Record excerpts:
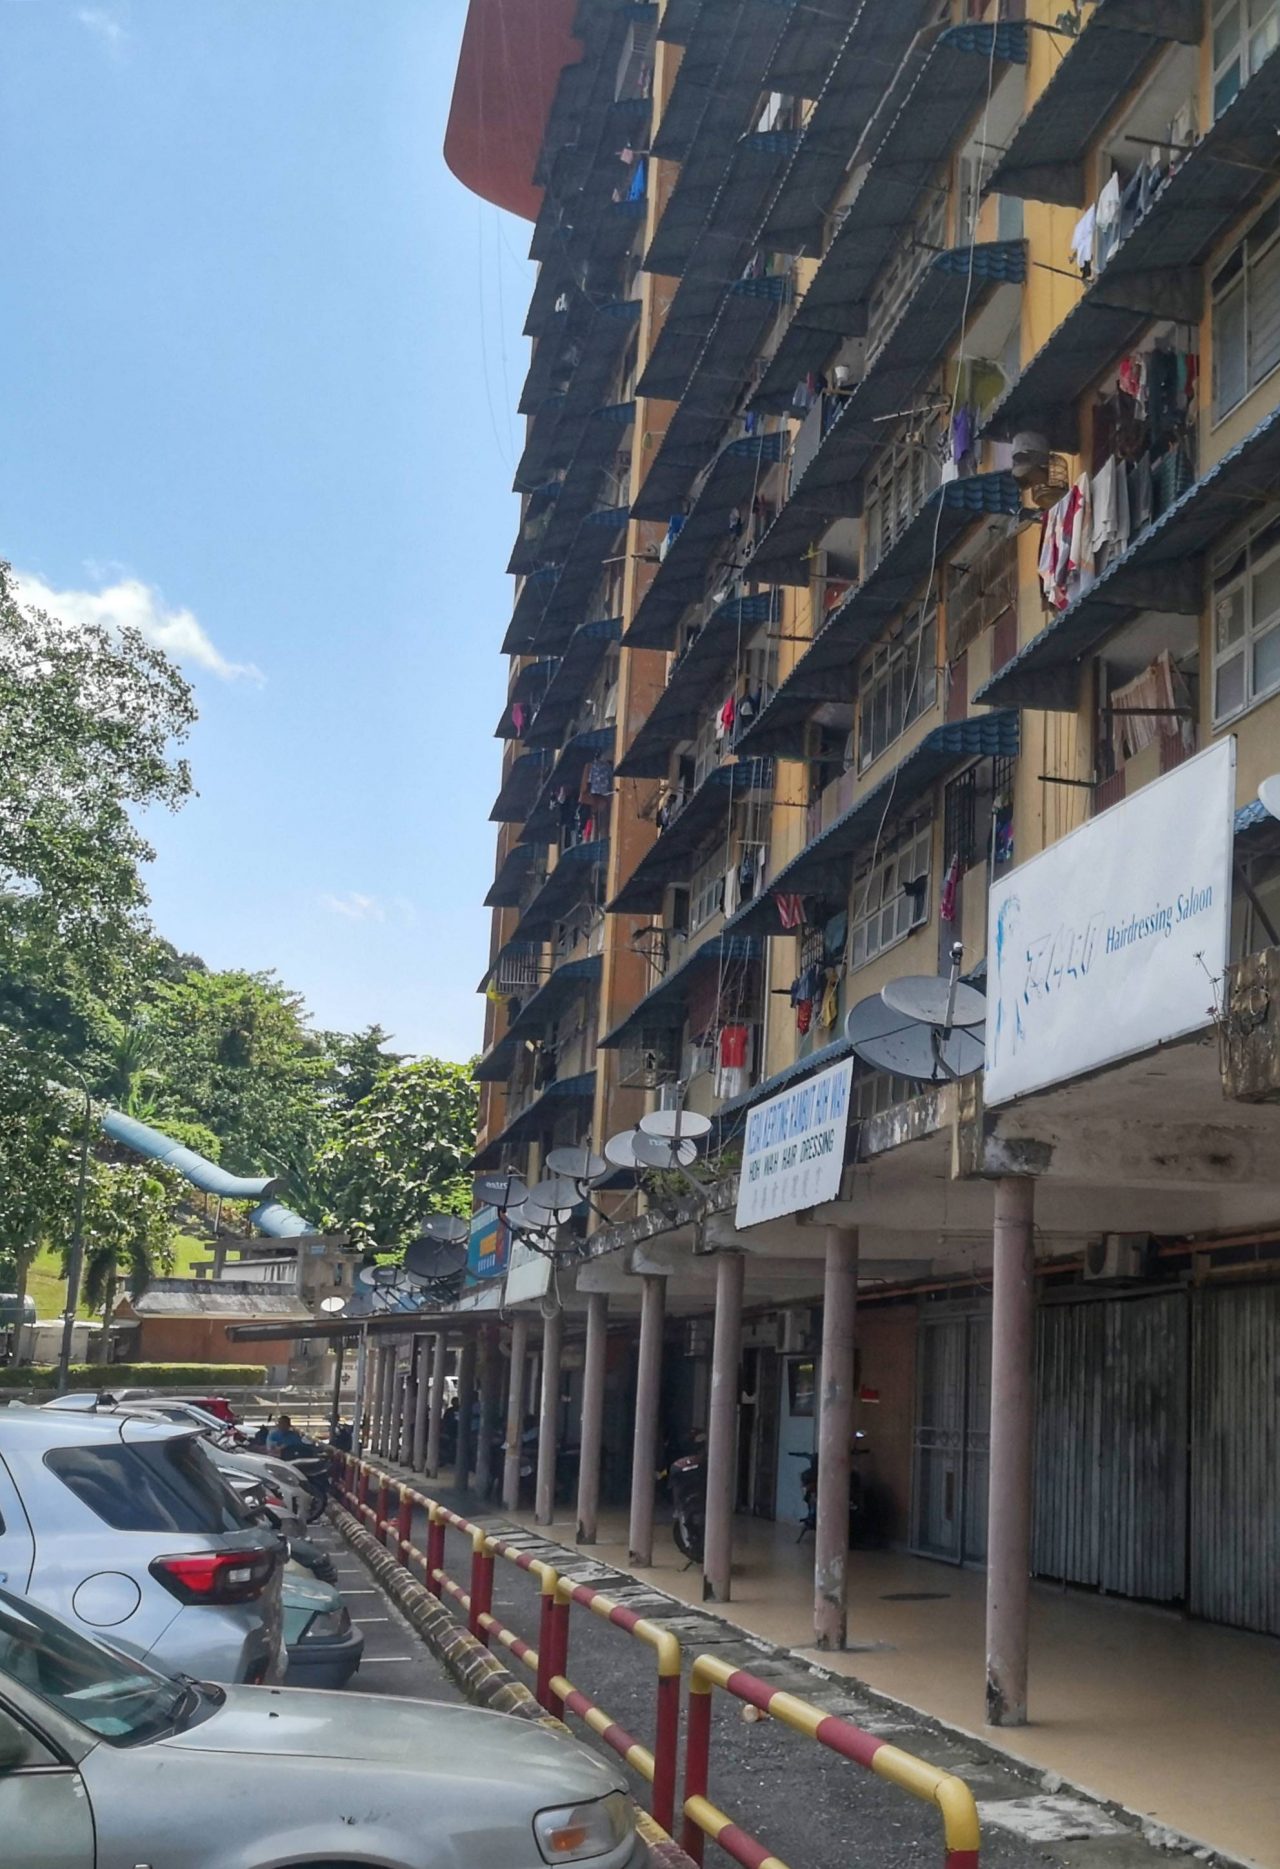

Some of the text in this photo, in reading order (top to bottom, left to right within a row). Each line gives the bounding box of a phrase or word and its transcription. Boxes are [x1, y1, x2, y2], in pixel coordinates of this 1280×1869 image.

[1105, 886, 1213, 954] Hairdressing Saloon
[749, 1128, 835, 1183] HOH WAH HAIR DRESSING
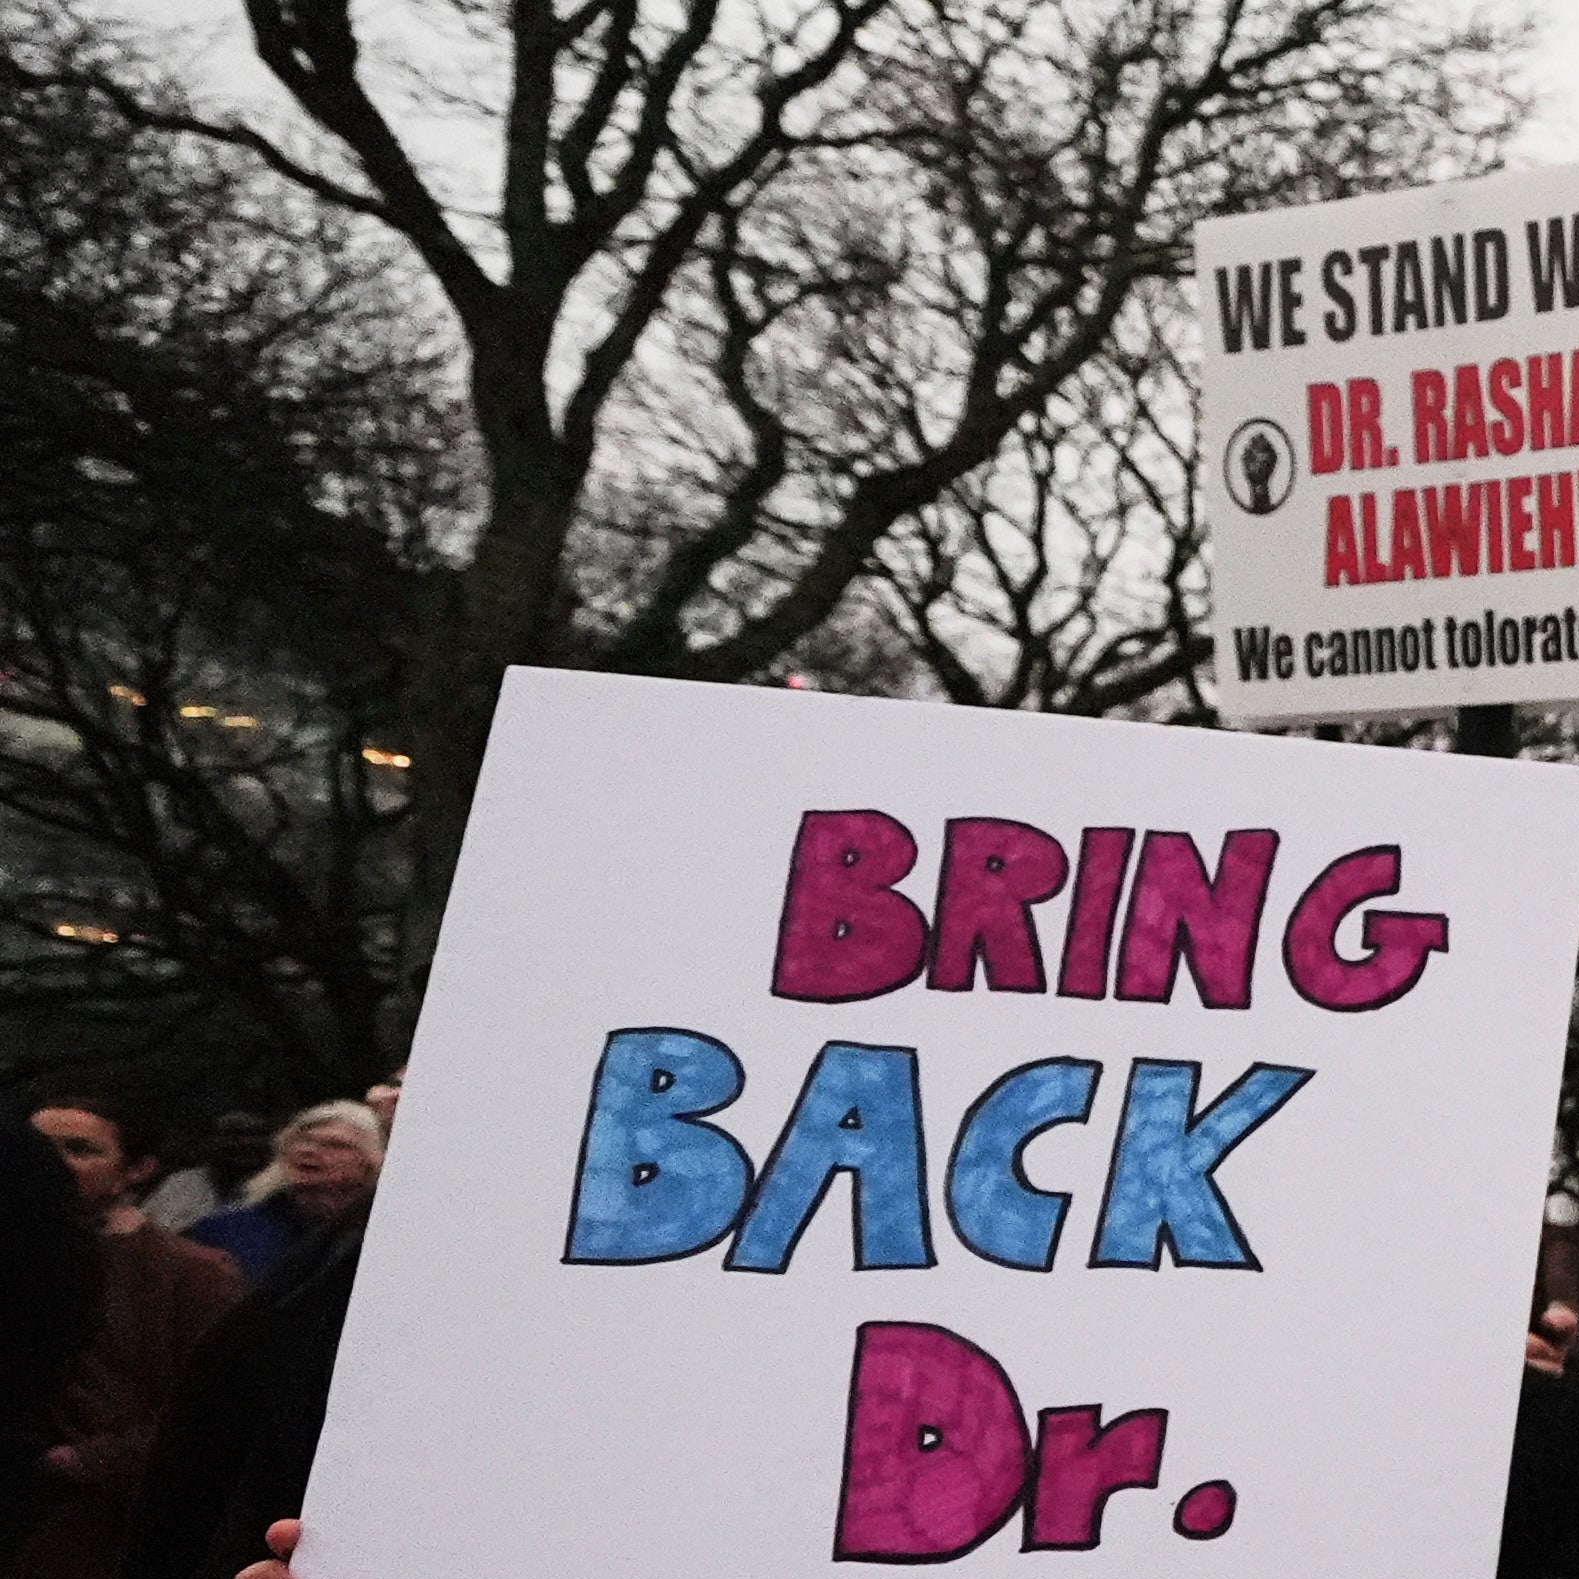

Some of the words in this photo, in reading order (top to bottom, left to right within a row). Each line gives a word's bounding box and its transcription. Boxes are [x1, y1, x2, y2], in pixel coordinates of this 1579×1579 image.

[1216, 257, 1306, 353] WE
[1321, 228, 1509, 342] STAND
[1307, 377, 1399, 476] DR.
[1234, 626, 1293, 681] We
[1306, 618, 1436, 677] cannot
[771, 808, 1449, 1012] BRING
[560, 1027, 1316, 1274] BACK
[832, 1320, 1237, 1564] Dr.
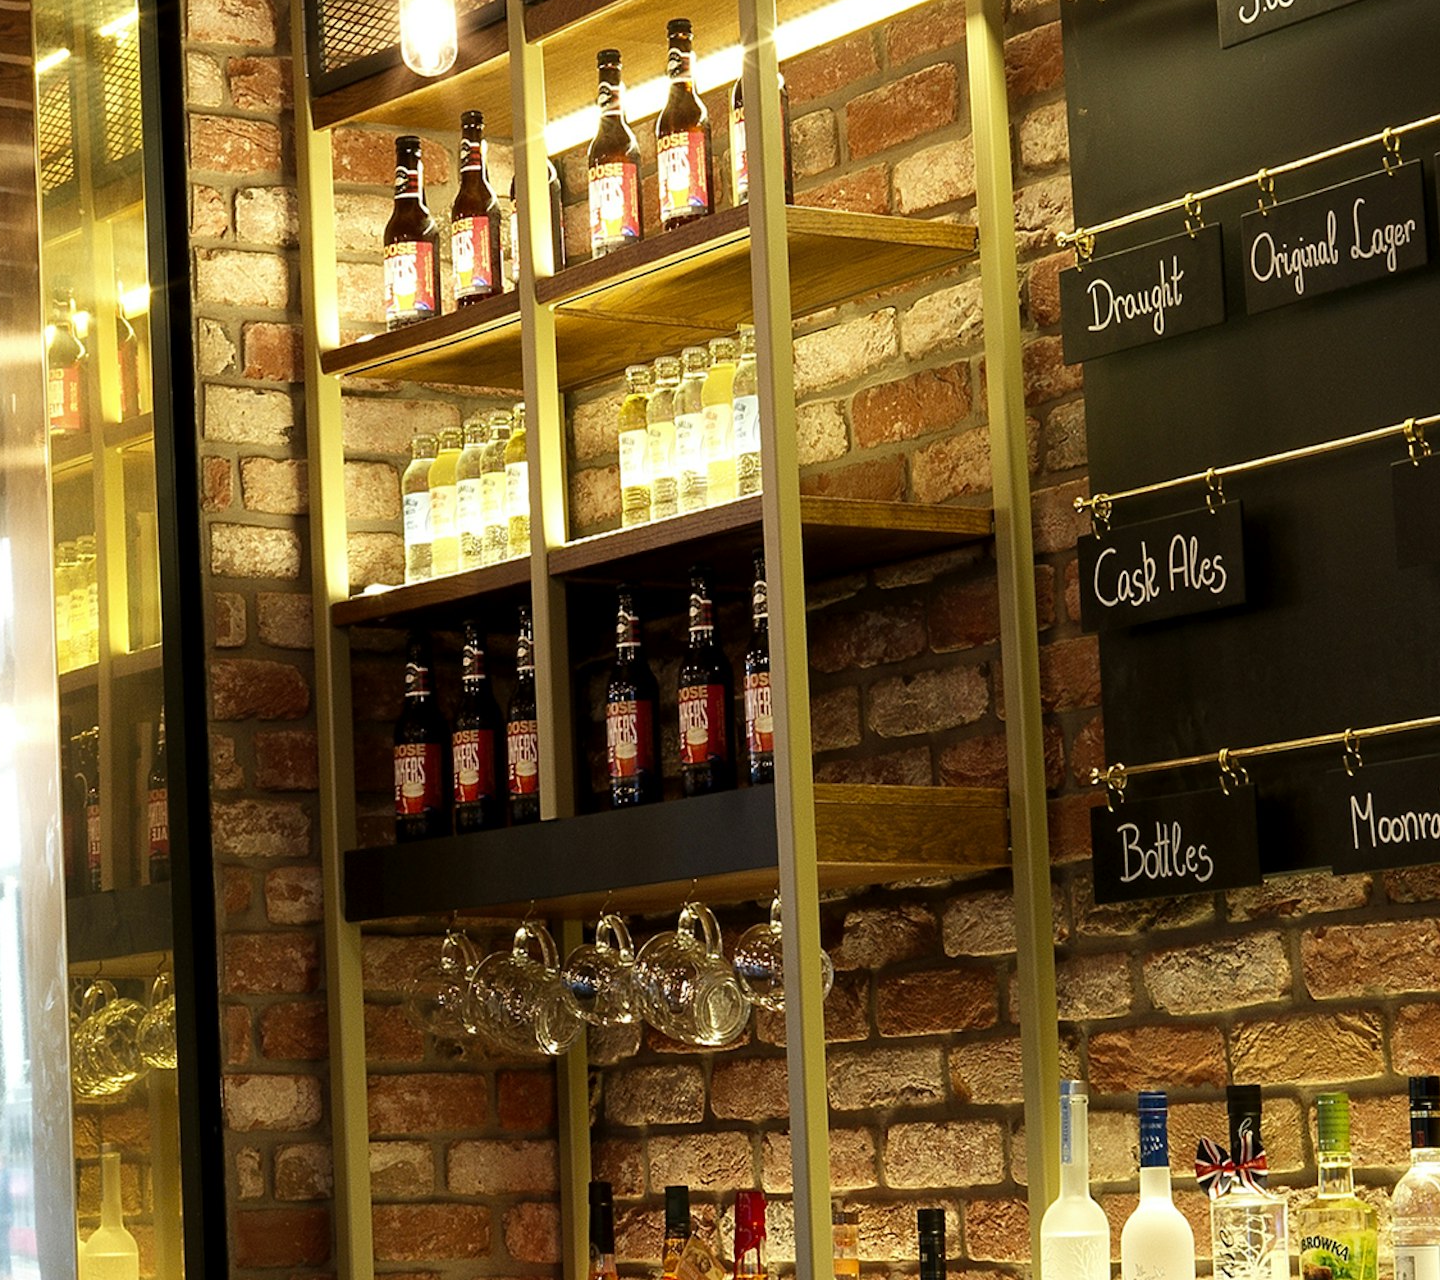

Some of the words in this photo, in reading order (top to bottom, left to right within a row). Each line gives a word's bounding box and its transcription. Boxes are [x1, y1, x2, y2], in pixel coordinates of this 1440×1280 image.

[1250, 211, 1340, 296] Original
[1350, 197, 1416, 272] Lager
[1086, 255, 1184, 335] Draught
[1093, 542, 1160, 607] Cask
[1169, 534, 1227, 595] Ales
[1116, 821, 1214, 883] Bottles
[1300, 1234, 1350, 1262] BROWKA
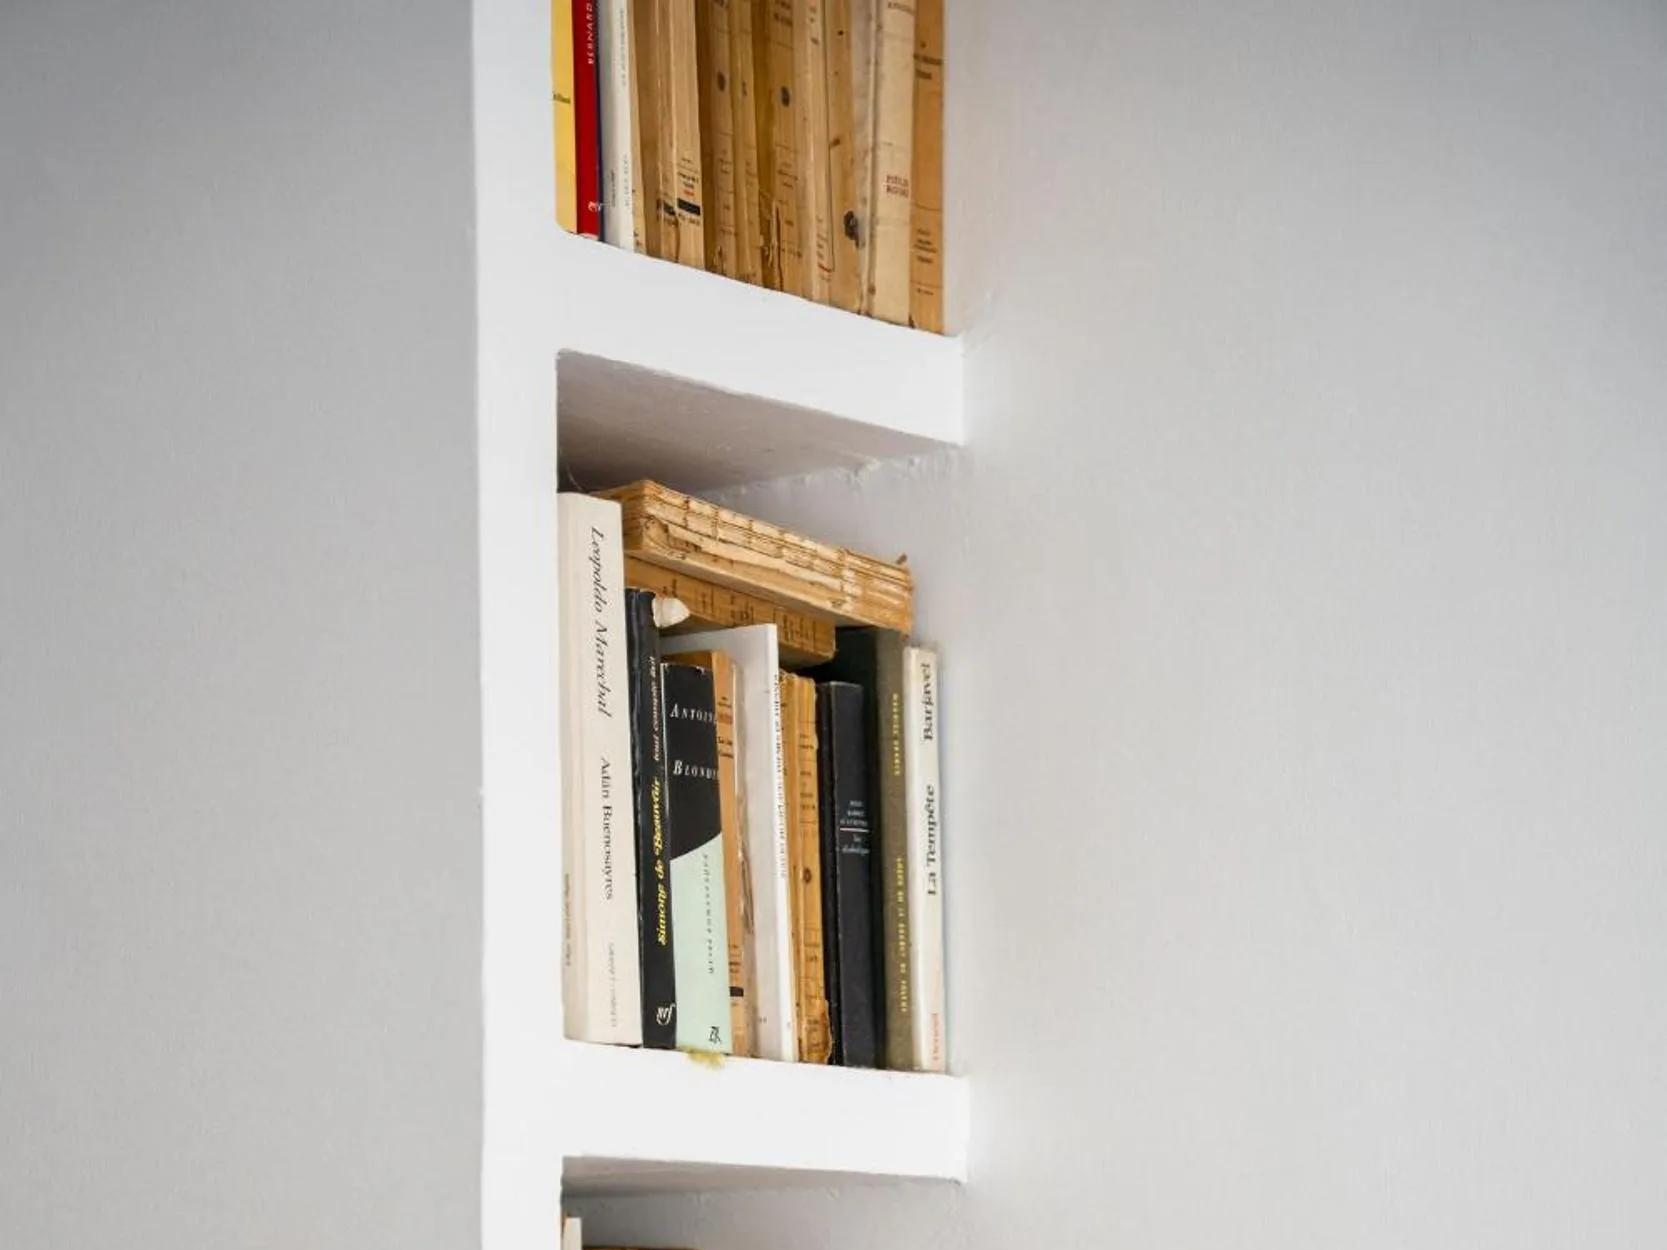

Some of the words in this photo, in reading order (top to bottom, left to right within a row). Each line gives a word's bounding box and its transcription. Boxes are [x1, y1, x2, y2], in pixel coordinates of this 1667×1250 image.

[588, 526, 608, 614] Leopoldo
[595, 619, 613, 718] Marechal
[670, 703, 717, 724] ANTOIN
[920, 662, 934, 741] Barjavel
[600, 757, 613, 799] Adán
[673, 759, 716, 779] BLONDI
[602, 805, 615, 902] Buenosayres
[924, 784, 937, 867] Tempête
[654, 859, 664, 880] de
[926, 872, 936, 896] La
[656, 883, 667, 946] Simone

Work item:
Without including any pictures, reproduce the data exactly.

Your response:
Some of the text in this photo, in reading order (top to bottom, left to right within a row). Each line gives the bounding box of a phrase or word and its transcription. Boxes are [x1, y1, x2, y2], in pixel coordinates of this 1280×1869 image.

[1105, 886, 1213, 954] Hairdressing Saloon
[749, 1128, 835, 1183] HOH WAH HAIR DRESSING

Some of the words in this photo, in reading order (top to bottom, left to right within a row). Each line gives a word's bounding box and its transcription. Boxes are [x1, y1, x2, y2], in pixel coordinates of this 1579×1579 image.

[1216, 257, 1306, 353] WE
[1321, 228, 1509, 342] STAND
[1307, 377, 1399, 476] DR.
[1234, 626, 1293, 681] We
[1306, 618, 1436, 677] cannot
[771, 808, 1449, 1012] BRING
[560, 1027, 1316, 1274] BACK
[832, 1320, 1237, 1564] Dr.

Some of the words in this photo, in reading order (top to bottom, left to right within a row). Each line gives a word's bounding box and its transcription. Boxes are [x1, y1, x2, y2], in pixel coordinates of this 1440×1280 image.

[1250, 211, 1340, 296] Original
[1350, 197, 1416, 272] Lager
[1086, 255, 1184, 335] Draught
[1093, 542, 1160, 607] Cask
[1169, 534, 1227, 595] Ales
[1116, 821, 1214, 883] Bottles
[1300, 1234, 1350, 1262] BROWKA

Some of the words in this photo, in reading order (top to bottom, left to right within a row). Each line gives a word's bounding box and its transcription. Boxes are [x1, y1, x2, y2], in pixel coordinates of this 1667×1250 image.

[588, 526, 608, 614] Leopoldo
[595, 619, 613, 718] Marechal
[670, 703, 717, 724] ANTOIN
[920, 662, 934, 741] Barjavel
[600, 757, 613, 799] Adán
[673, 759, 716, 779] BLONDI
[602, 805, 615, 902] Buenosayres
[924, 784, 937, 867] Tempête
[654, 859, 664, 880] de
[926, 872, 936, 896] La
[656, 883, 667, 946] Simone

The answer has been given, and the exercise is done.